-- Dataset extract follows --

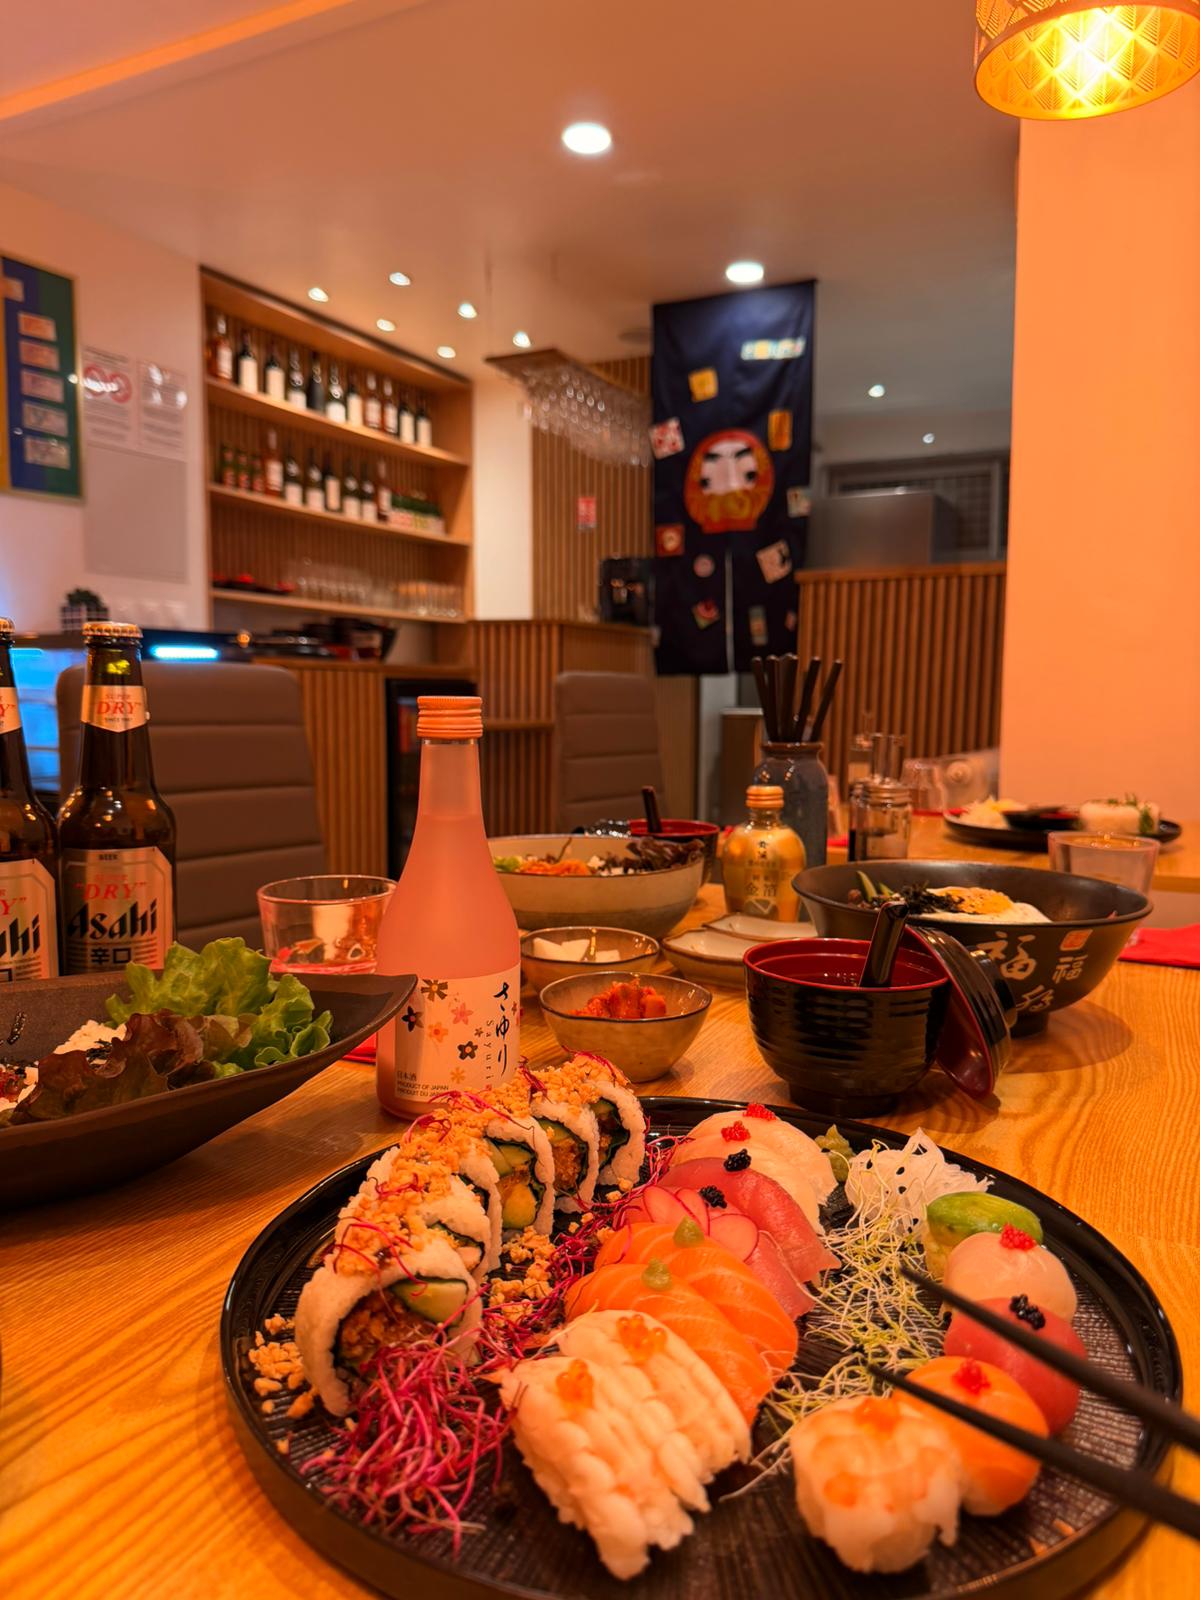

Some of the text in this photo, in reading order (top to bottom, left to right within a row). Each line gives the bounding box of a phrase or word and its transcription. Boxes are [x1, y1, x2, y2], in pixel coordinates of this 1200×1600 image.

[67, 898, 157, 940] Asahi
[90, 945, 131, 965] 辛口
[484, 1020, 493, 1080] Sayuri
[397, 1080, 421, 1090] PRODUCT
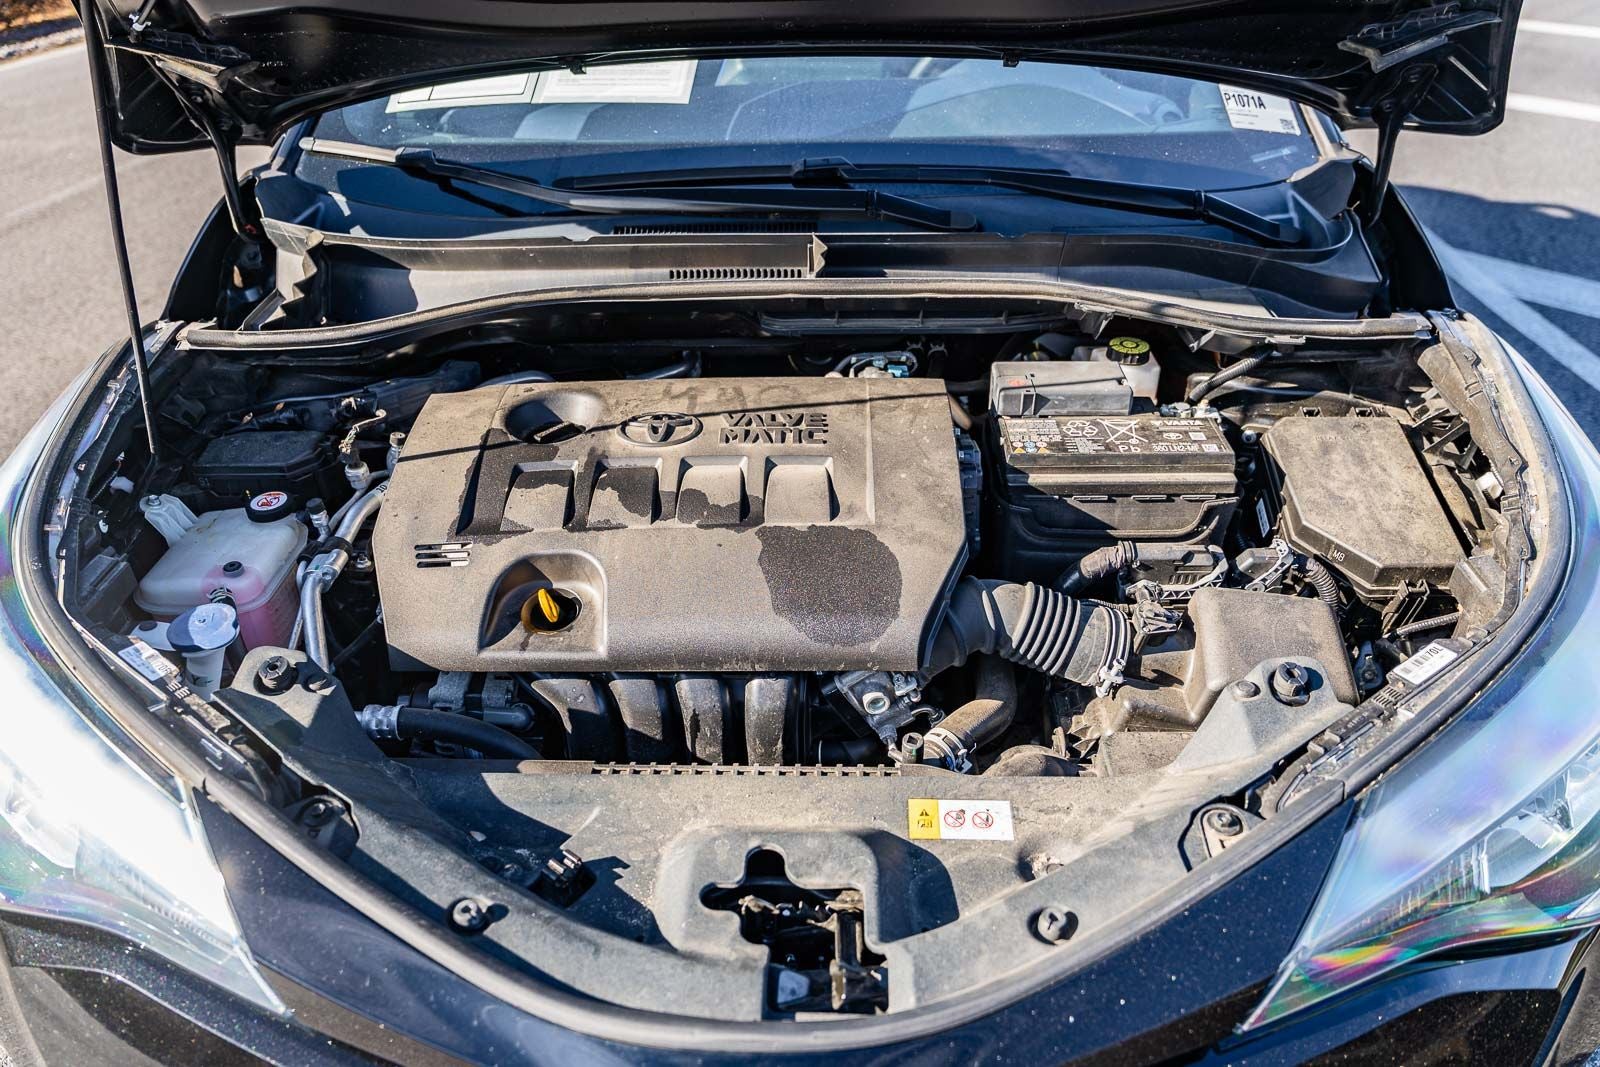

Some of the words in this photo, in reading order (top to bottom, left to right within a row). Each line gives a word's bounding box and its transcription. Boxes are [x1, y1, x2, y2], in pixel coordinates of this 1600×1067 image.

[1224, 92, 1266, 109] P1071A
[720, 412, 828, 427] VALVE
[719, 427, 829, 445] MATIC
[1118, 445, 1141, 453] Pb

-- Dataset extract concluded --

Retype all of the material above precisely as it reads. Pictures are not part of the copy.

Some of the text in this photo, in reading order (top to bottom, left to right within a row). Each line gives the bounding box of a phrase or word and its transcription. Boxes are [x1, y1, x2, y2], in pixel coordinates of this 1200×1600 image.

[67, 898, 157, 940] Asahi
[90, 945, 131, 965] 辛口
[484, 1020, 493, 1080] Sayuri
[397, 1080, 421, 1090] PRODUCT

Some of the words in this photo, in reading order (top to bottom, left to right within a row). Each line gives a word's bounding box and its transcription. Boxes are [x1, y1, x2, y2], in pixel coordinates of this 1600×1067 image.

[1224, 92, 1266, 109] P1071A
[720, 412, 828, 427] VALVE
[719, 427, 829, 445] MATIC
[1118, 445, 1141, 453] Pb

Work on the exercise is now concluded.